The location of the allosteric site was determined using information about the binding amino acids according to the data previously published19. Two lists of binding amino acids were compared: one was determined by the method of point mutations20 and second was found by X-ray analysis19. As a result, the list of 19 key amino acids of the GK site was obtained: Val62, Arg63, Ser64, Thr65, Gly68, Ser69, Gly72, Val91, Trp99, Met210, Ile211, Tyr214, Tyr215, Met235, Leu451, Val452, Val455, Lys458, Lys459. Based on this data, using the PyRx 0.8 program https://sourceforge.net/projects/pyrx/, where the docking space covering the allosteric GK site was built. Analysis of the binding mechanism was performed using the LigandScout 4.1 program (Ligand GmbH. http://www.inteligand.com/ligandscout/).

Cytotoxic activity

In vitro experiments were carried out in accordance with relevant guidelines and regulations set forth by the European Communities Council Directive 2010/63/EU. All experimental protocols were approved by the Animal Care and Use Committee of Kazan Federal University, Russia and informed consent was obtained from all subjects. Briefly, human skin fibroblasts (HSFs) were isolated from the skin explant according to the conventional protocol21. HSFs cells were cultured in the minimum essential medium Eagle (α-MEM) supplemented with 10% fetal bovine serum, 2 mM L-glutamine, 100 µg/mL streptomycin and 100 U/mL penicillin under standard conditions (37 °C, 5% CO2 atmosphere). Adhered cells were collected from the culture flask by detaching them with trypsin-EDTA solution. Suspended cells were washed by centrifugation at 200 g in PBS.
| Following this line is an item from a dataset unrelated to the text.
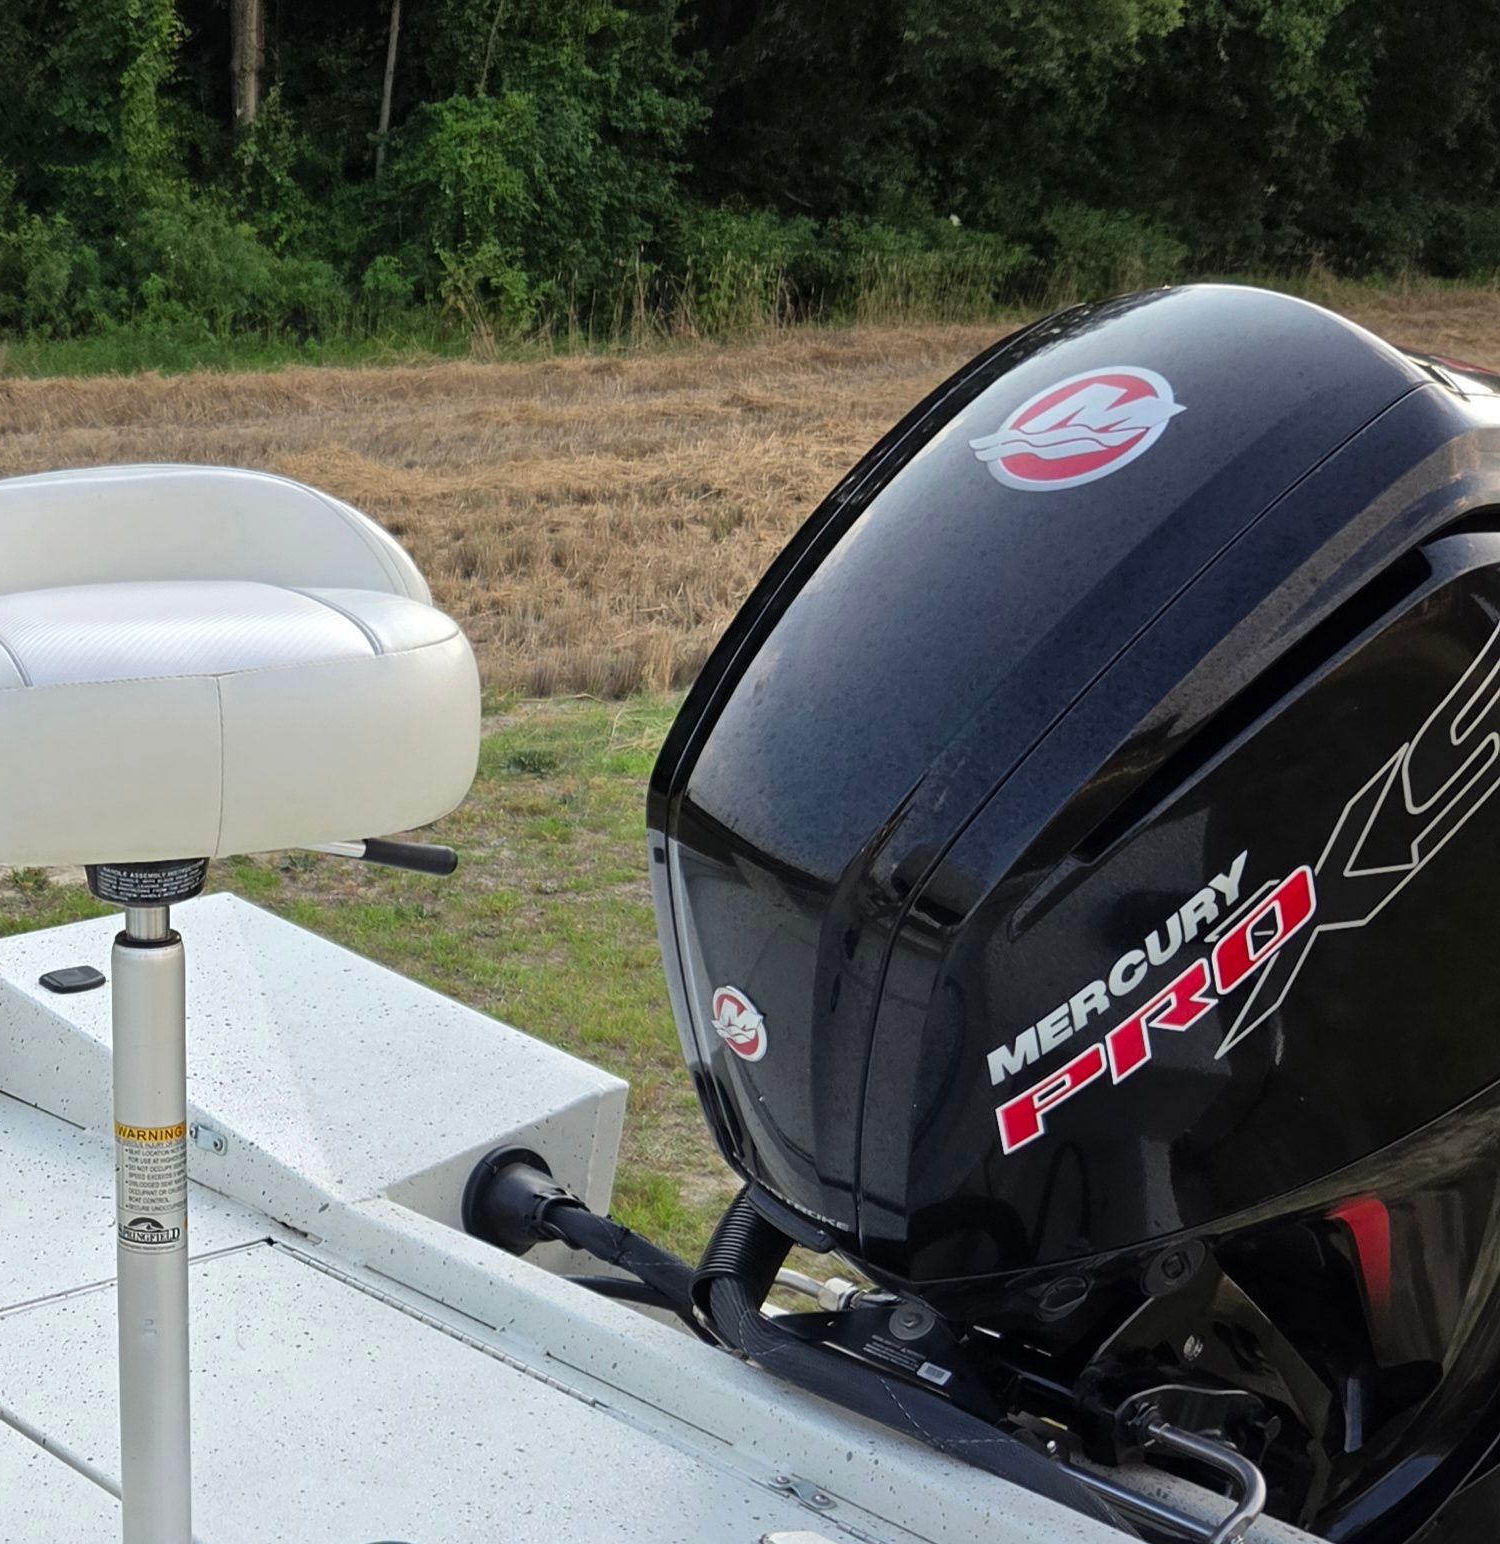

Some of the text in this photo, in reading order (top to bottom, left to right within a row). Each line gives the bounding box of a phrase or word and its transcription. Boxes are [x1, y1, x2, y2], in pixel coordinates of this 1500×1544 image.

Cytotoxic concentrations (CC50) of compounds were determined with the use of MTT assay. Cells were pre-seeded in 96-well plate at the density of 2000 cells per well and cultured with adding a series of diluted water solutions of compounds for 3 days under standard conditions. Culture medium in the plate was then replaced by the fresh one supplemented with 20 μL 5 mg/mL MTT and additionally kept for 3 h to allow for reduction of MTT into colored product (formazan) by metabolically active cells. Then the solution was removed and DMSO (100 μL) was added to solubilize the formazan crystals. Optical absorbance of produced formazan, proportional to viable cell number, was registered on Infinite 200 PRO analyzer at 550 nm (the reference wavelength 650 nm). CC50 values were generated by fitting relative responses to the mean of mQ treated controls using the variable slope dose-response curve fitting function within Origin software. Upper bounds for curve fitting were set as the mean of mQ treated negative controls. At least nine dose response points and three biological replicates were used to determine dose response curves.

Acute toxicity in rats

In vivo experiments were carried out in accordance with relevant guidelines and regulations set forth by the European Communities Council Directive 2010/63/EU. All experimental protocols were approved by the Animal Care and Use Committee of Kazan Federal University, Russia. Toxicological experiments were performed using intragastric injection of the different compounds in rats weighting 180–220 g. Rats were maintained on a 12 h light/dark cycle (light from 7:00 a.m. to 7:00 p.m.) at 20–22 °C and 60–70% relative humidity. One dose of 2000 mg/kg (causing compound is likely to be nontoxic) was used with 12 animals (6 males, 6 females). Animals are observed individually after dosing at least once during the first 30 minutes, periodically during the first 24 hours, with special attention given during the first 4 hours, and daily thereafter, for a total of 14 days. During these period symptoms of intoxication were recorded. LD50, dose (in mg/kg) causing lethal effects in 50% of animals, was taken as a criterion of toxicity.